In this class, the two "cultures" are 1) the modern global economic and legal "culture" (stretching from about the 17th century to now) and 2) the Ancient Greek and Roman Empires (stretching from c. 500B.C.E to about 200A.C.E. Within these two enormous stretches of time, we will the study the particular practices of reading, writing, interpreting, authorizing, owning, buying, borrowing, sharing, stealing and selling texts (poetry and literature), works of science and art, or other important documents. We will also consider how the modern notion of "information" can be compared to things like writing, reading and understanding.

It is always important to remember that we can also compare within these different traditions. Even if the "culture" of the Bororo is relatively stable over hundreds of years, that doesn't mean there are alternatives within it. Alternative, underground, oppositional, criminal and critical traditions exist in every culture. It is only on CNN and at the White House where everyone is said to believe the same thing.

Law Custom and Convention

The class will focus primarily on the diverse meanings of authorship and ownership. In the modern period, all forms of information and entertainment, as well as much or our lives are deeply dependent on formal law (i.e. that made by national legislatures and courts), especially intellectual property law. In the ancient world, formal written law was not quite so pervasive--however, that does not mean there were not strong customs or conventions for how life and literature were governed. Similarly, the function and role of literature and art in the modern period can be contrasted with that in the ancient period. Sometimes what we read will seem arcane and impenetrable (whether it is legal jargon, scholarly jargon or difficult poetry), but remember that we are interested in understanding not just the texts themselves, but the contexts as well (see the module Tips for Reading). Over the course of the semester, we will consider the following questions in more detail. Consider how you would answer them now.

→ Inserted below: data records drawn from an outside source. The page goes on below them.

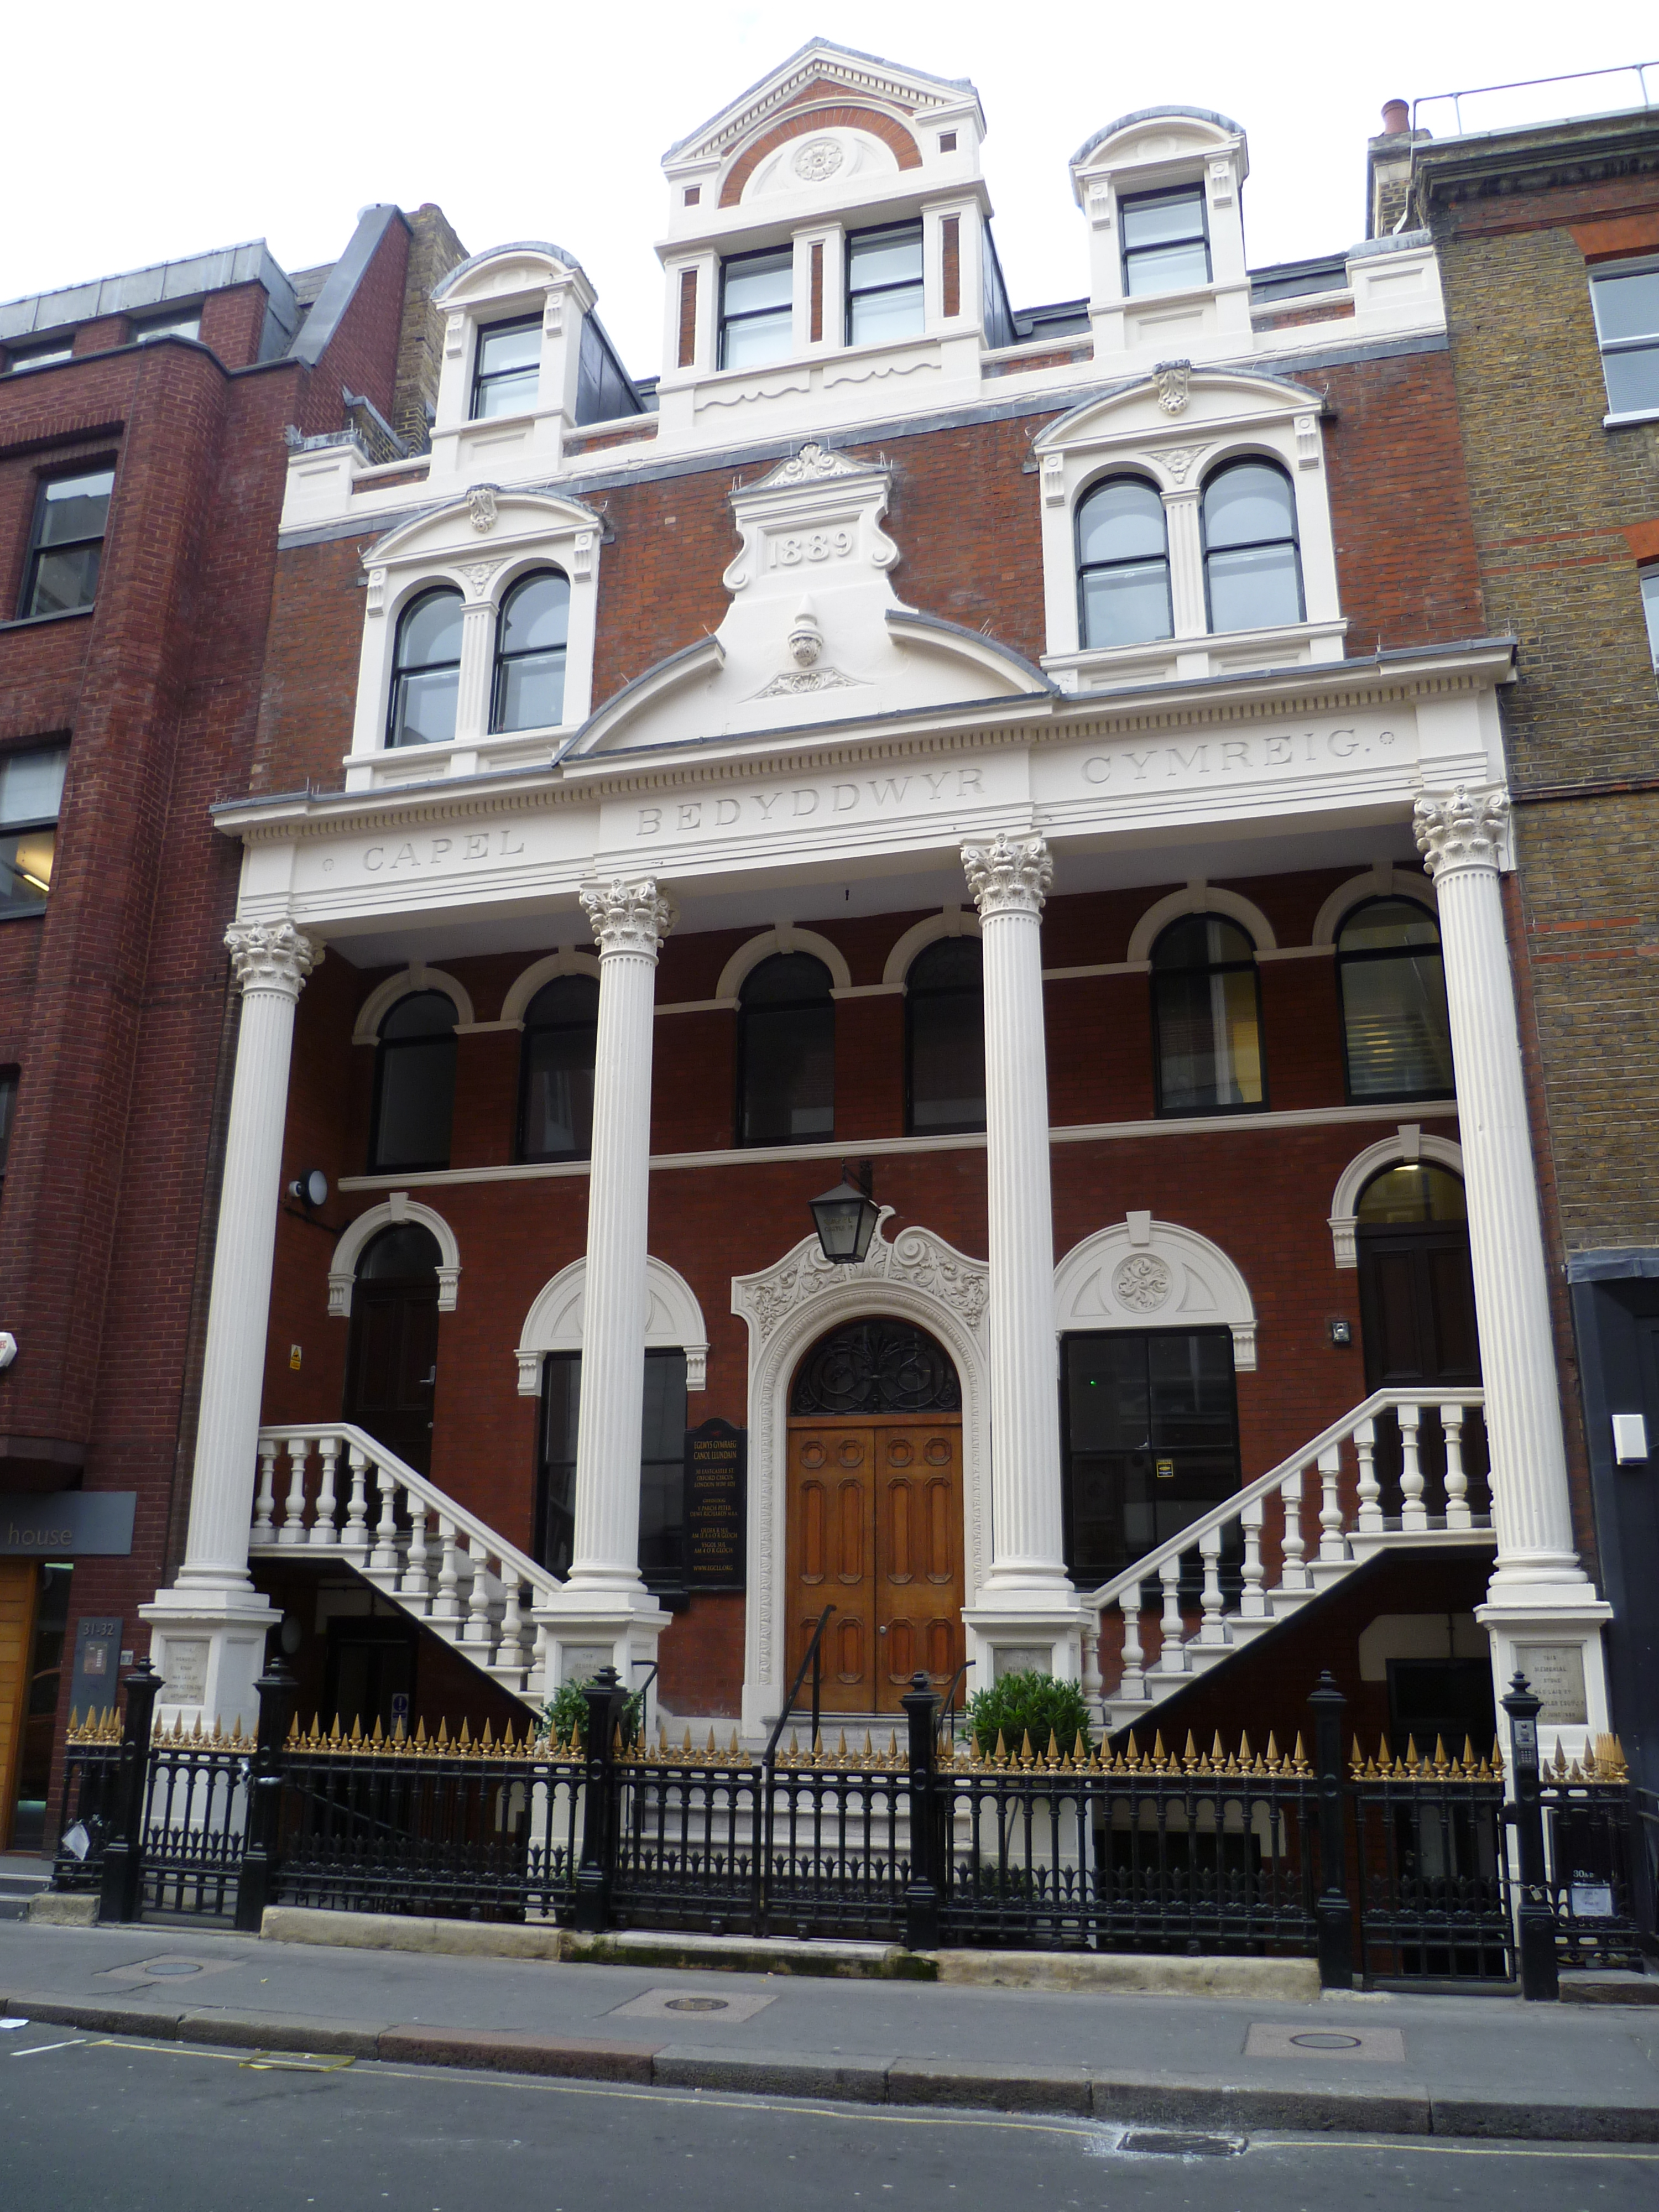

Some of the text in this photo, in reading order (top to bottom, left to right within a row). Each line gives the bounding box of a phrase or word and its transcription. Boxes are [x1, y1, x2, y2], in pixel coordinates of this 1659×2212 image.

[769, 530, 854, 568] 1889
[362, 728, 1371, 872] CAPEL BEDYDDWYR CYMREIG.
[694, 1440, 737, 1449] EGLWYS GYMRAEG
[693, 1451, 737, 1460] CANOL LLUNDAIN
[8, 1522, 72, 1547] house
[83, 1623, 114, 1636] 31-32

What are some functions of formal law?

  • Constraint, repression, regulation, domination?
  • A prediction of how the courts, sovereigns or police will respond to some action?
  • A way to actively change the attitudes and goals of people?
  • A means of control and security?

What's the difference between formal law and informal customs or conventions? Can you think of examples in modern life where there are laws but no customs, customs but no laws, or where both coexist?

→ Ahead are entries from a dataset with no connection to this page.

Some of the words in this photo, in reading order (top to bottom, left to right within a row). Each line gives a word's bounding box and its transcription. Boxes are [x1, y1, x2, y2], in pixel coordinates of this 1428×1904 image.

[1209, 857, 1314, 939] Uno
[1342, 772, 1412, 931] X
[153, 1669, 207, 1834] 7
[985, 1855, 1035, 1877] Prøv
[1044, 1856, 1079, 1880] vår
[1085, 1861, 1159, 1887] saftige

Why does law or custom govern literature or information at all? Why isn't there absolute freedom to say or write anything?

Why is intellectual property different from regular property? Why does it require different laws?

What's the difference between plagiarism and theft of intellectual property?

How are law, custom, convention, sovereignty, power and control related?

What's the difference between private and public censorship?

Literature, Media, Information, Text, Manuscript

In addition to the issues of law and custom, we will also be considering a wide variety of created objects: poetry, prose, plays, commentary, philosophy, scientific texts and scholarship. We will also consider music, performed poetry and theatre, film and television etc. The variety of different media is very large, but we will consider both what they say, and how they say it at the same time. Intellectual property law is concerned with the relationship between ideas, expressions and the manner in which they are made tangible, but is possible to ask similar questions about all kinds of objects and media.